[Items from a dataset]
——

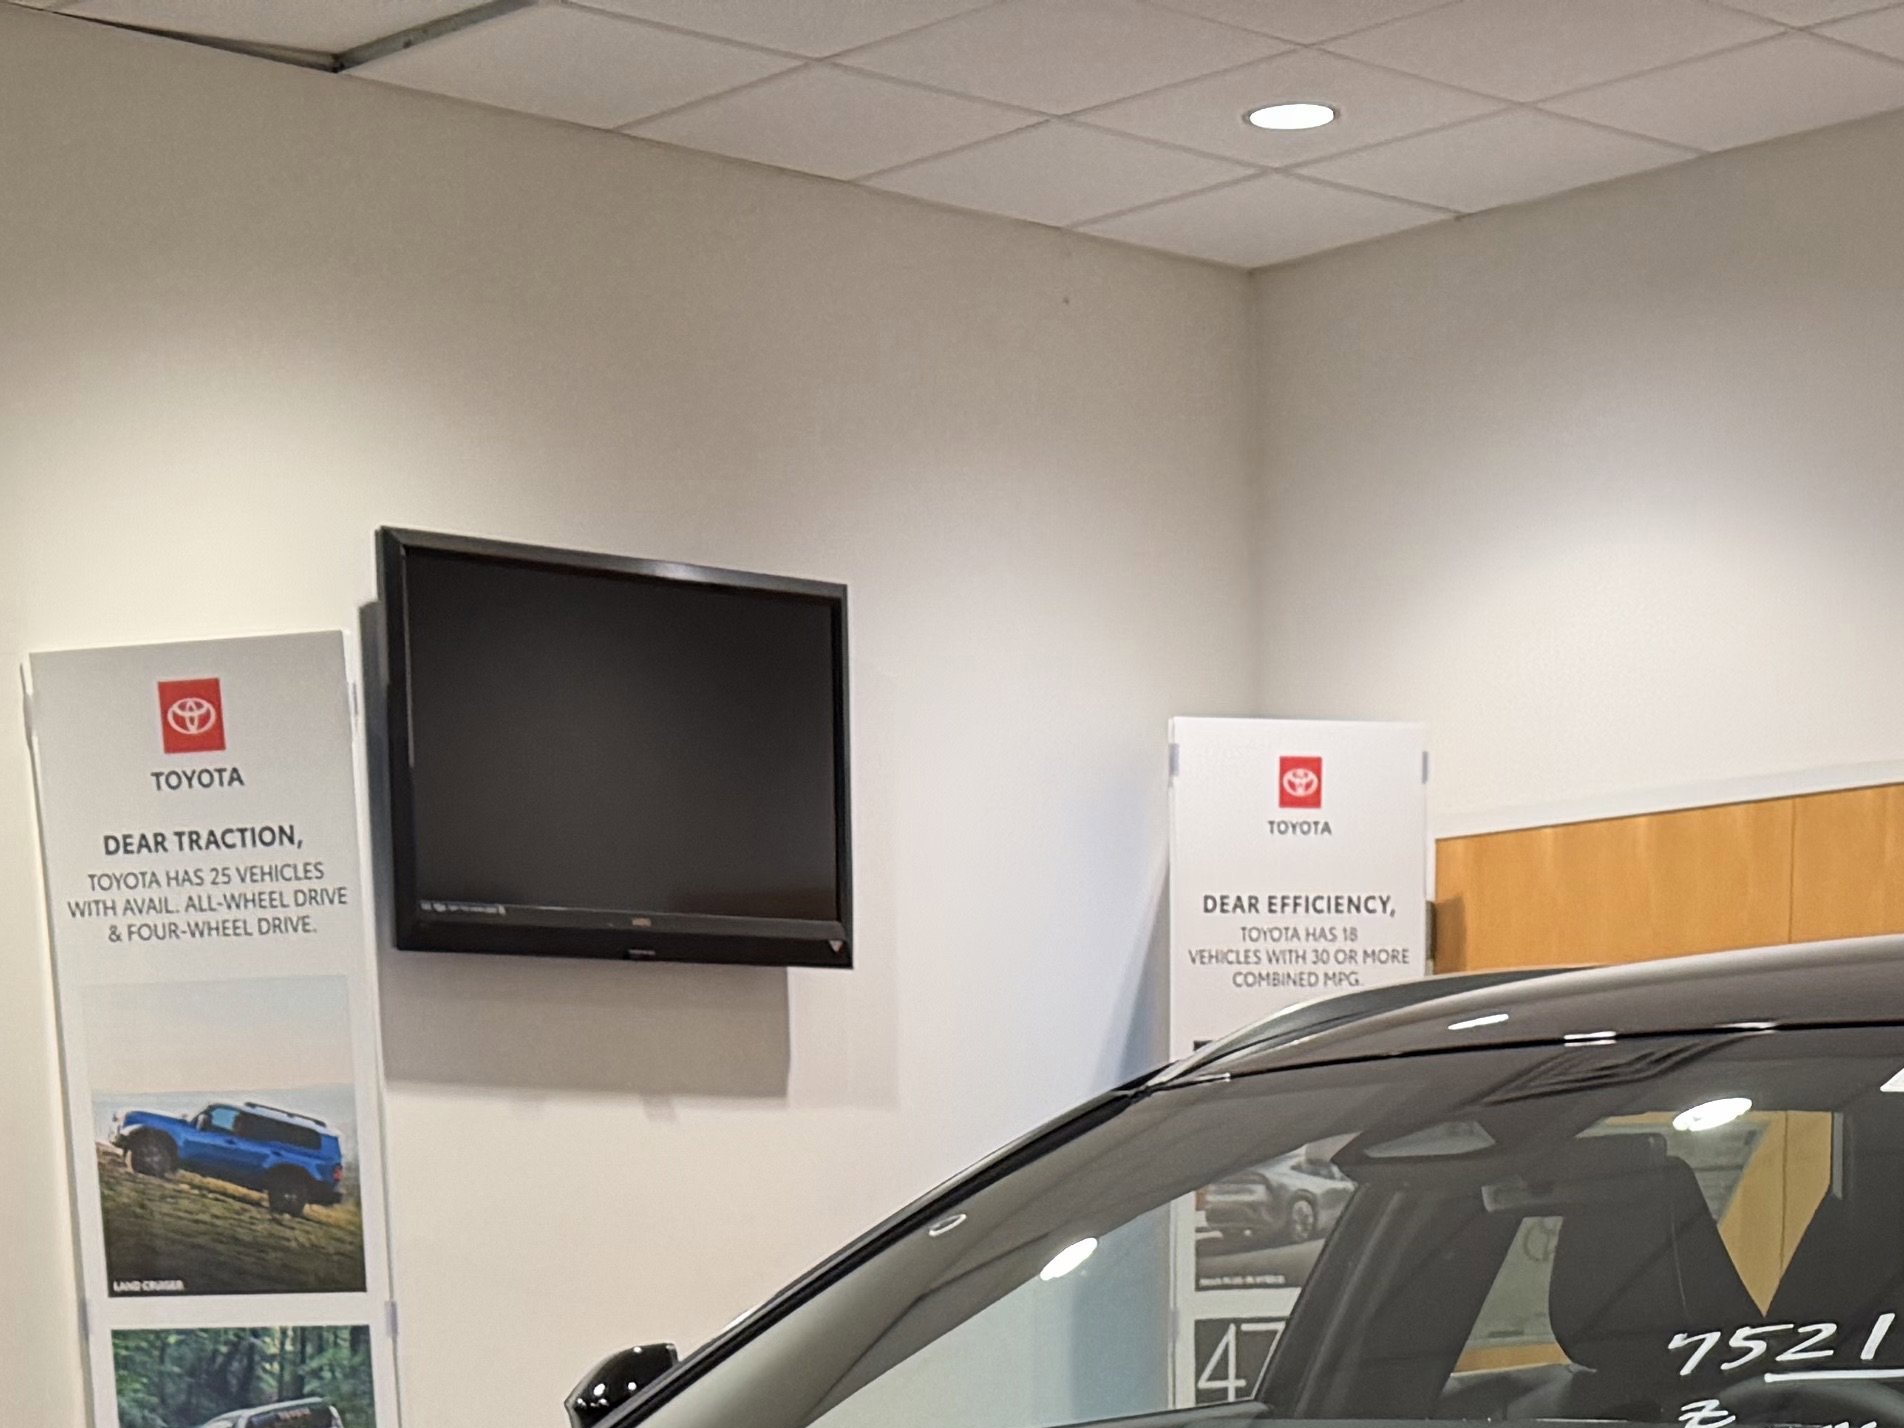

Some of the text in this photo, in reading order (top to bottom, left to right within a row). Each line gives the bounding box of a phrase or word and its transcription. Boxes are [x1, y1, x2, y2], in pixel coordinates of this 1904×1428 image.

[150, 766, 245, 791] TOYOTA
[103, 824, 303, 856] DEAR TRACTION,
[1267, 820, 1332, 836] TOYOTA
[88, 861, 325, 892] TOYOTA HAS 25 VEHICLES
[67, 886, 348, 919] WITH AVAIL. ALL-WHEEL DRIVE
[1202, 894, 1396, 917] DEAR EFFICIENCY,
[108, 915, 317, 943] & FOUR-WHEEL DRIVE.
[1240, 926, 1301, 942] TOYOTA
[1305, 926, 1338, 942] HAS
[1188, 949, 1410, 965] VEHICLES WITH 30 OR MORE
[1232, 971, 1319, 988] COMBINED
[1668, 1313, 1896, 1375] 7521
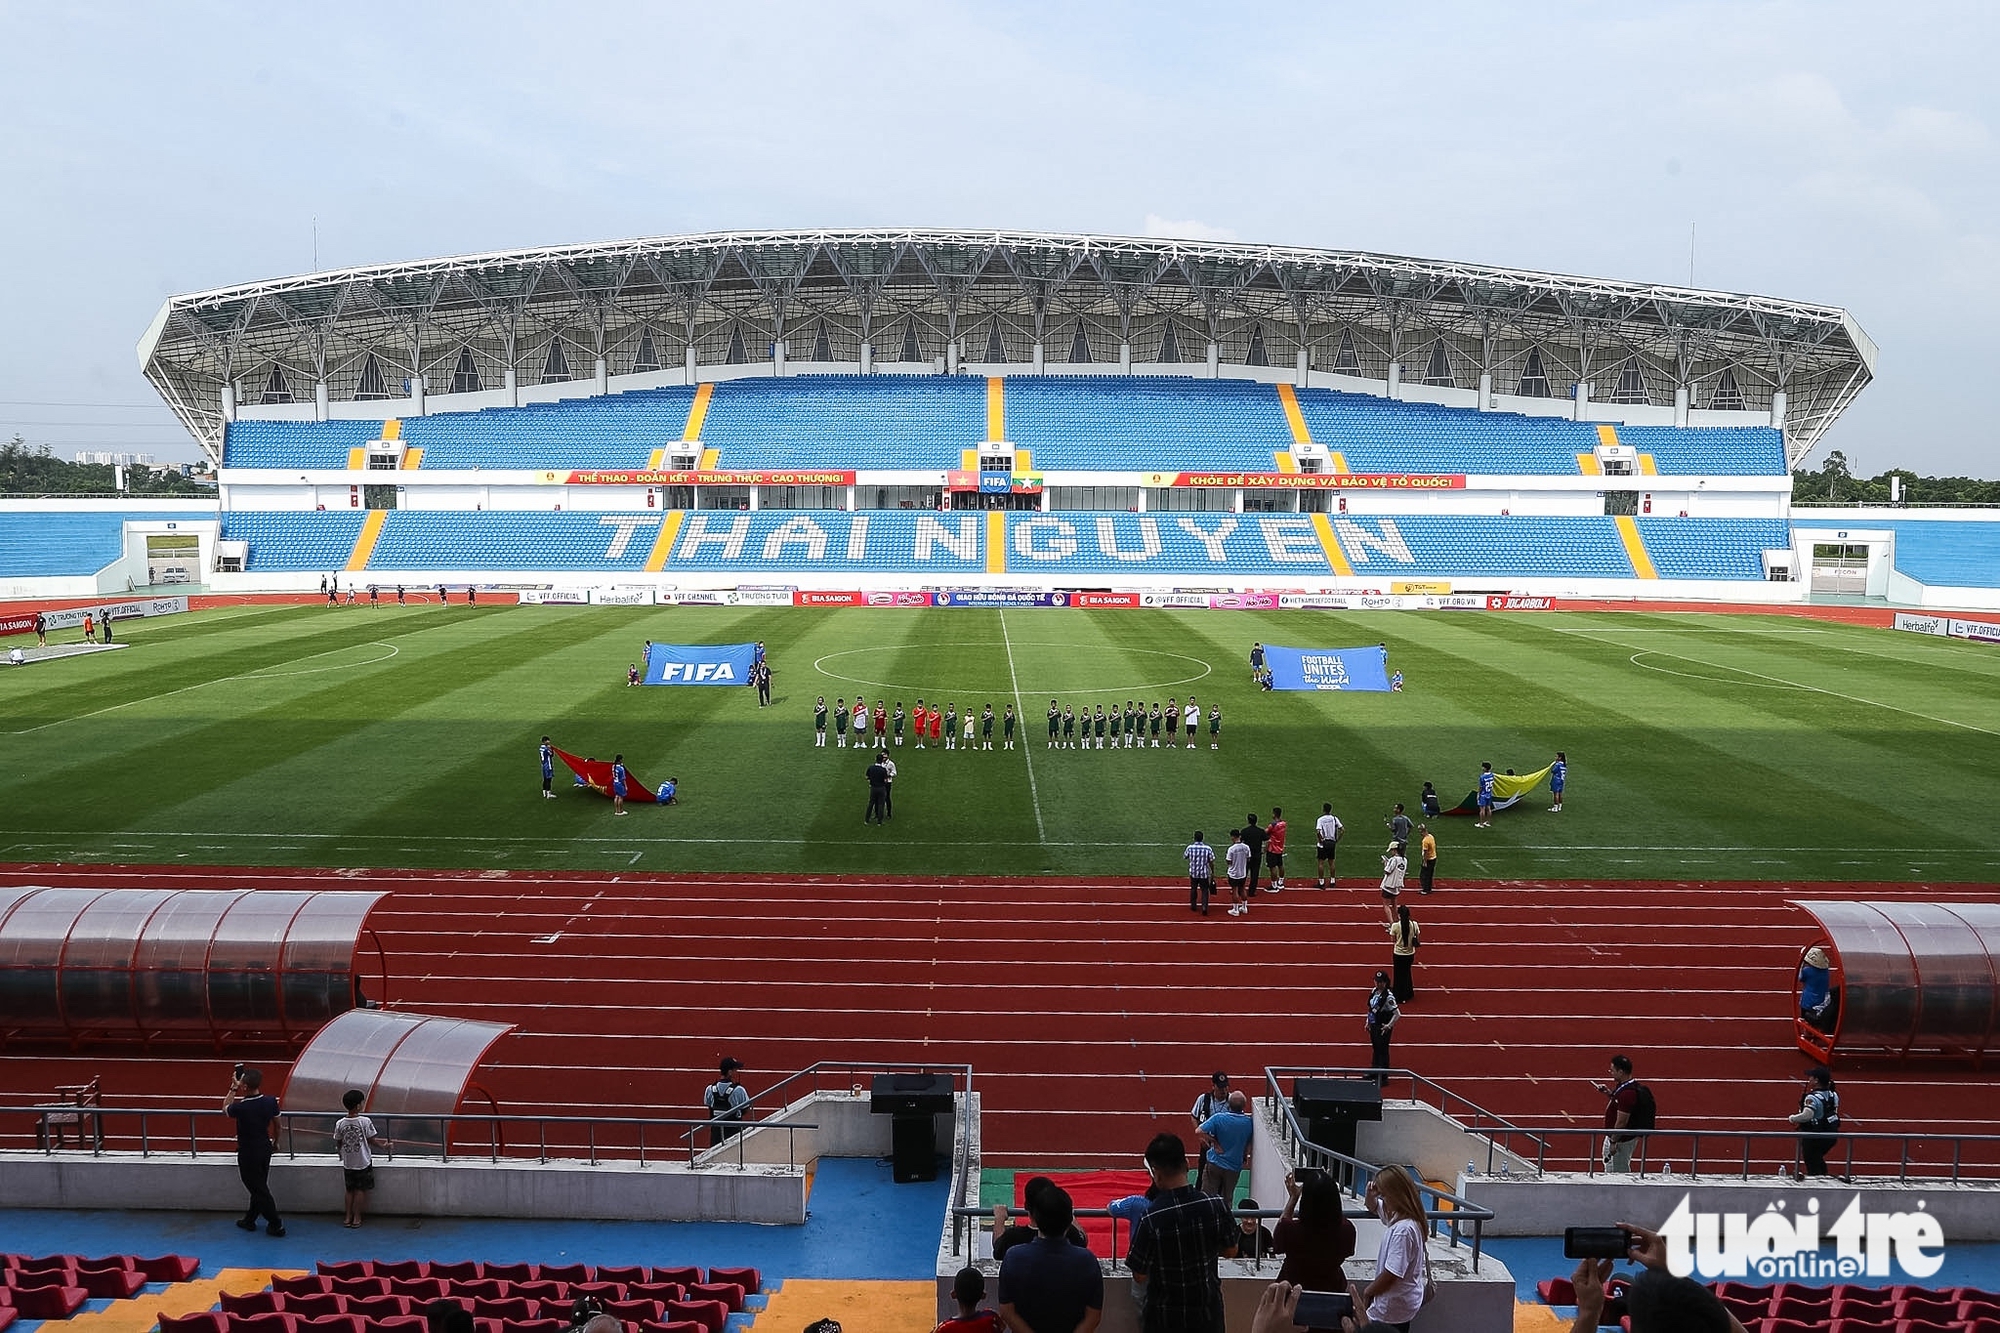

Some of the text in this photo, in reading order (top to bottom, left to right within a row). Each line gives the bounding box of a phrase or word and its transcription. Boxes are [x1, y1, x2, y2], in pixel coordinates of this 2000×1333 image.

[578, 471, 598, 483] THỂ
[600, 474, 628, 483] THAO
[636, 472, 667, 483] ĐOÀN
[669, 471, 690, 483] KẾT
[697, 474, 732, 483] TRUNG
[735, 473, 763, 484] THỰC
[771, 474, 794, 483] CAO
[797, 473, 844, 485] THƯỢNG!
[983, 477, 1007, 487] FIFA
[1190, 474, 1224, 485] KHỎE
[1248, 475, 1276, 485] XÂY
[1279, 476, 1316, 487] DỰNG
[1319, 476, 1338, 486] VÀ
[1341, 475, 1368, 486] BẢO
[1372, 476, 1387, 488] VỆ
[599, 515, 1415, 563] THAI NGUYEN
[600, 594, 640, 604] Herbalife
[1902, 619, 1936, 634] Herbalife
[1967, 624, 2000, 637] VFF.OFFICIA
[1301, 655, 1343, 665] FOOTBALL
[662, 662, 735, 681] FIFA
[1303, 664, 1345, 676] UNITES
[1302, 675, 1350, 685] the World

——

WHAT THE EXERCISE ASKS -
The answer must be the entries above, printed exactly, with no pictures.

ANSWER SECTION -
Some of the text in this photo, in reading order (top to bottom, left to right within a row). Each line gives the bounding box of a phrase or word and its transcription. Boxes are [x1, y1, x2, y2], in pixel coordinates of this 1904×1428 image.

[150, 766, 245, 791] TOYOTA
[103, 824, 303, 856] DEAR TRACTION,
[1267, 820, 1332, 836] TOYOTA
[88, 861, 325, 892] TOYOTA HAS 25 VEHICLES
[67, 886, 348, 919] WITH AVAIL. ALL-WHEEL DRIVE
[1202, 894, 1396, 917] DEAR EFFICIENCY,
[108, 915, 317, 943] & FOUR-WHEEL DRIVE.
[1240, 926, 1301, 942] TOYOTA
[1305, 926, 1338, 942] HAS
[1188, 949, 1410, 965] VEHICLES WITH 30 OR MORE
[1232, 971, 1319, 988] COMBINED
[1668, 1313, 1896, 1375] 7521

Some of the text in this photo, in reading order (top to bottom, left to right within a row). Each line gives the bounding box of a phrase or word and its transcription. Boxes are [x1, y1, x2, y2], in pixel coordinates of this 2000×1333 image.

[578, 471, 598, 483] THỂ
[600, 474, 628, 483] THAO
[636, 472, 667, 483] ĐOÀN
[669, 471, 690, 483] KẾT
[697, 474, 732, 483] TRUNG
[735, 473, 763, 484] THỰC
[771, 474, 794, 483] CAO
[797, 473, 844, 485] THƯỢNG!
[983, 477, 1007, 487] FIFA
[1190, 474, 1224, 485] KHỎE
[1248, 475, 1276, 485] XÂY
[1279, 476, 1316, 487] DỰNG
[1319, 476, 1338, 486] VÀ
[1341, 475, 1368, 486] BẢO
[1372, 476, 1387, 488] VỆ
[599, 515, 1415, 563] THAI NGUYEN
[600, 594, 640, 604] Herbalife
[1902, 619, 1936, 634] Herbalife
[1967, 624, 2000, 637] VFF.OFFICIA
[1301, 655, 1343, 665] FOOTBALL
[662, 662, 735, 681] FIFA
[1303, 664, 1345, 676] UNITES
[1302, 675, 1350, 685] the World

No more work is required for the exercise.